Knight Frank’s ‘Co-working: Surviving COVID-19’ states that low occupancy and increasing cost are expected to make coworking operations unviable for fringe players and would therefore, force them to vacate their low performing offices, Money Control reported.
There are over 250 co-working players operational in India today, with an estimated 75 – 80 percent of the market in the top eight cities being dominated by the top 10 players. By the end of 2019, co-working players occupied about 25.45 msf (2.4 mnsq m) stock which constituted about 3.4 percent of the total office stock.
Smaller Co-Working Players Will Shrivel
As of now, approximately 25 percent, that is 6.4 million square feet (msf) of the total 25.45 msf co-working stock in the top eight cities is operated by small players. However, this coronavirus pandemic might end up wiping them out of existence.
MSMEs and startup tenants form about 25-40 percent of the total tenant rosters of prominent co-working operators while in case of smaller players, the share is sometimes up to 60 percent of their portfolio. Due to the dual effect of economic slowdown as well as rising preference for work from home among both employers and employees, the industry is expected to see a significant exit of such start-up tenants and smaller occupiers.

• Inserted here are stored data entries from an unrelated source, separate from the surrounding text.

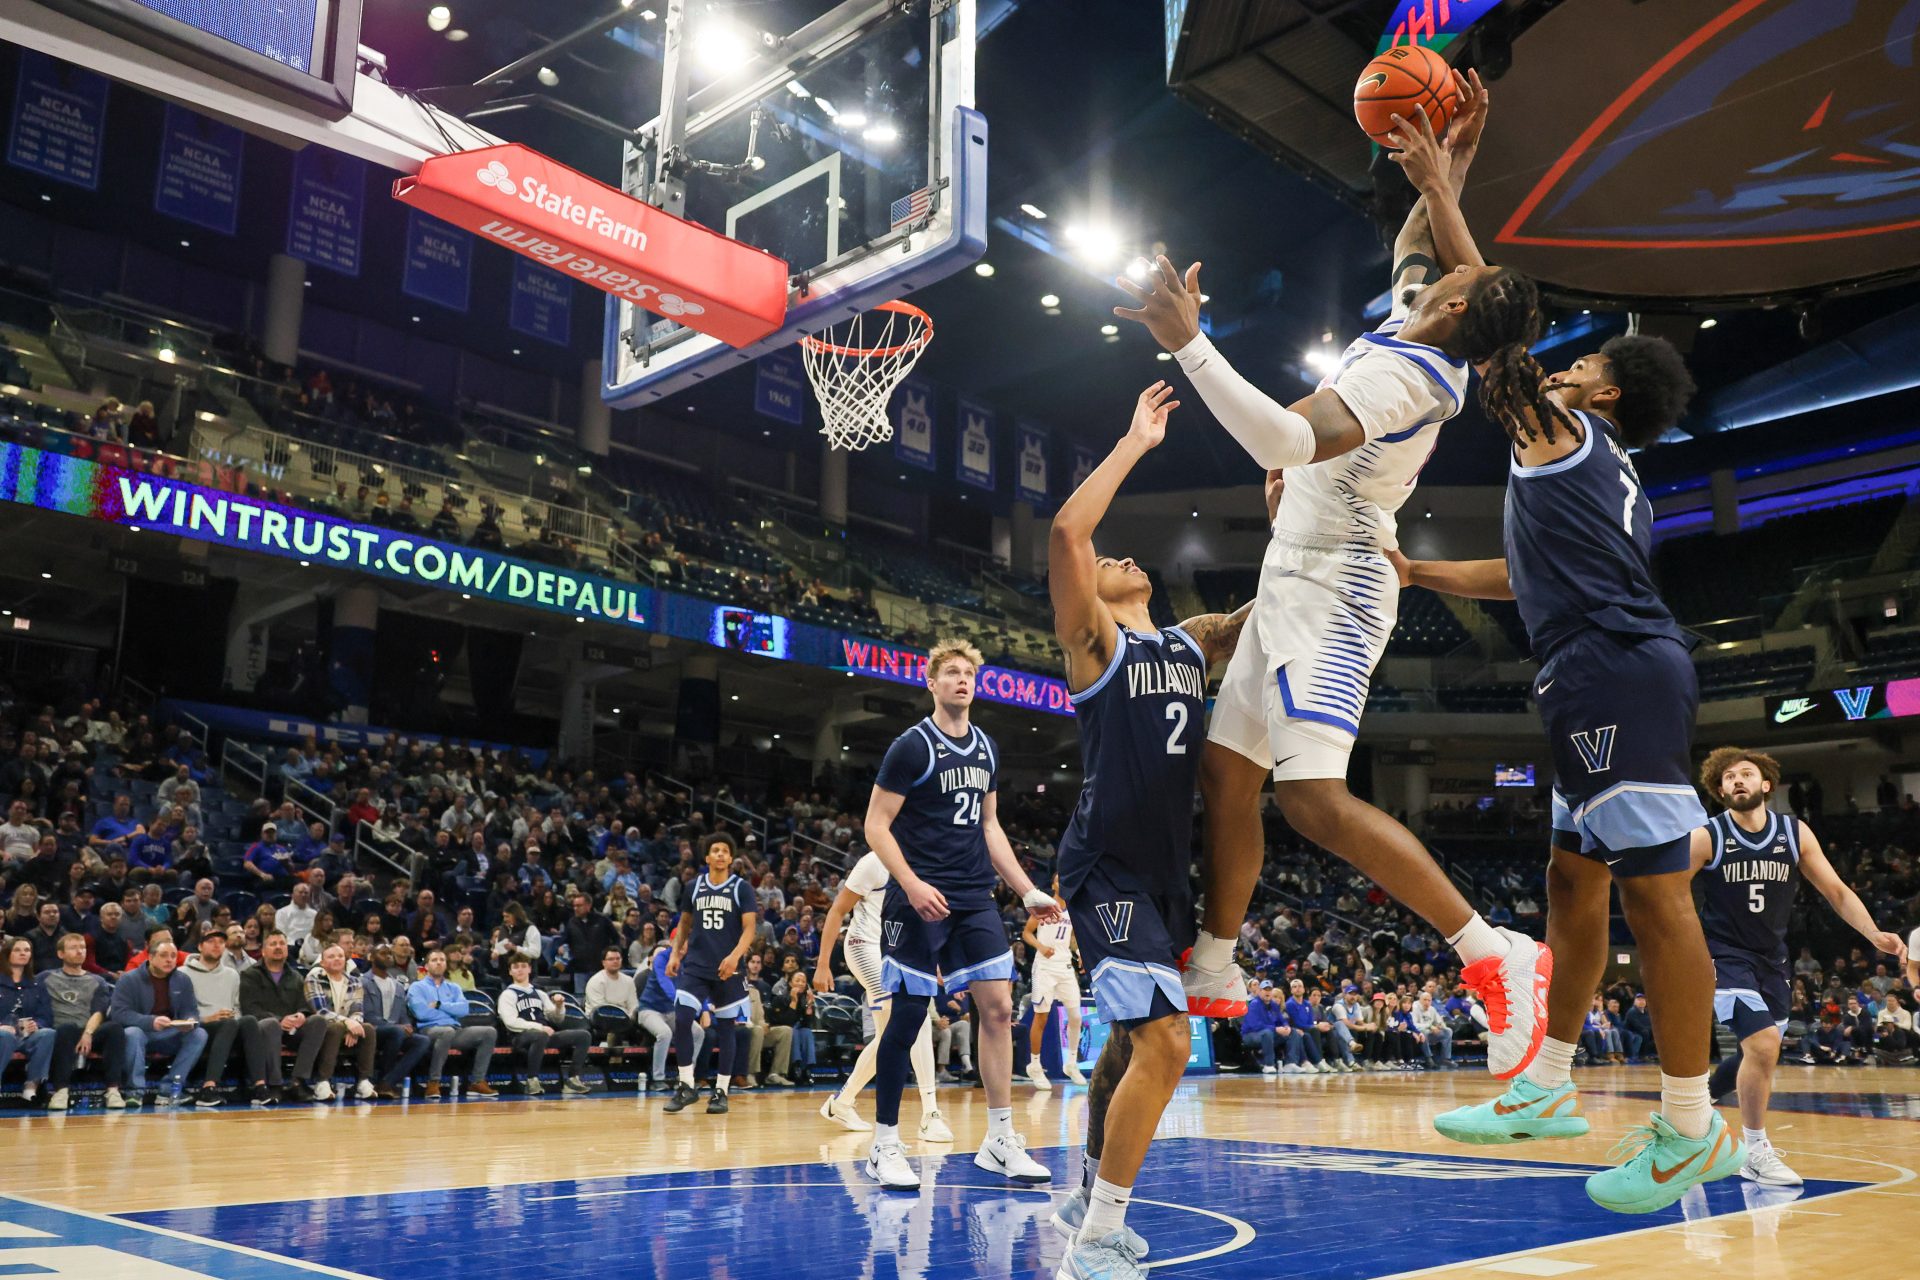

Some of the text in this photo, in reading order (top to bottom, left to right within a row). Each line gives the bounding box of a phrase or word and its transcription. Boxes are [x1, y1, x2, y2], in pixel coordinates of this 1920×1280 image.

[40, 96, 82, 119] NCAA
[183, 146, 220, 169] NCAA
[302, 205, 338, 225] SWEET
[309, 194, 346, 217] NCAA
[416, 244, 450, 265] SWEET
[423, 235, 457, 256] NCAA
[907, 418, 926, 433] 40
[118, 476, 645, 624] WINTRUST.COM/DEPAUL
[1126, 660, 1204, 704] VILLANOVA
[1780, 697, 1811, 714] NIKE
[1165, 701, 1188, 755] 2
[939, 766, 991, 795] VILLANOV
[953, 791, 981, 825] 24
[1722, 860, 1790, 883] VILLANOVA
[696, 895, 733, 912] VILLANOVA
[1748, 883, 1765, 913] 5
[702, 909, 724, 930] 55
[1056, 926, 1066, 940] 11

Mid-Sized Co-Working Player With Corporates Will Remain Unaffected
It is mentioned further in the report that co-working operators with more than 15, 000 seats and having major share of large enterprise clients will be able to sail through the COVID-19 crisis. However, it will still not protect them from having to re-negotiate per-seat costs and renewal terms.
Renegotiations Of Contract Terms
Post lockdown period will be all about renegotiations. Co-working operators are also renegotiating rents downward or asking for a temporary moratorium on rents from mall. Going further, co-working players will increasingly look to acquire office space on revenue or profit-sharing terms to reduce their own fixed costs and improve their financial resilience in the event of a downturn.
Flexibility Will Be Key
Post lockdown, co-working operators need to offer more customised Managed Office model that will allow occupiers to pick and choose the amenities they pay for and nothing more. The uncertainty in the economy will continue for some time due to which more and more companies will look for flexible options that they can adapt to and fulfil their changing requirements, without capital expenses and shorter lease terms.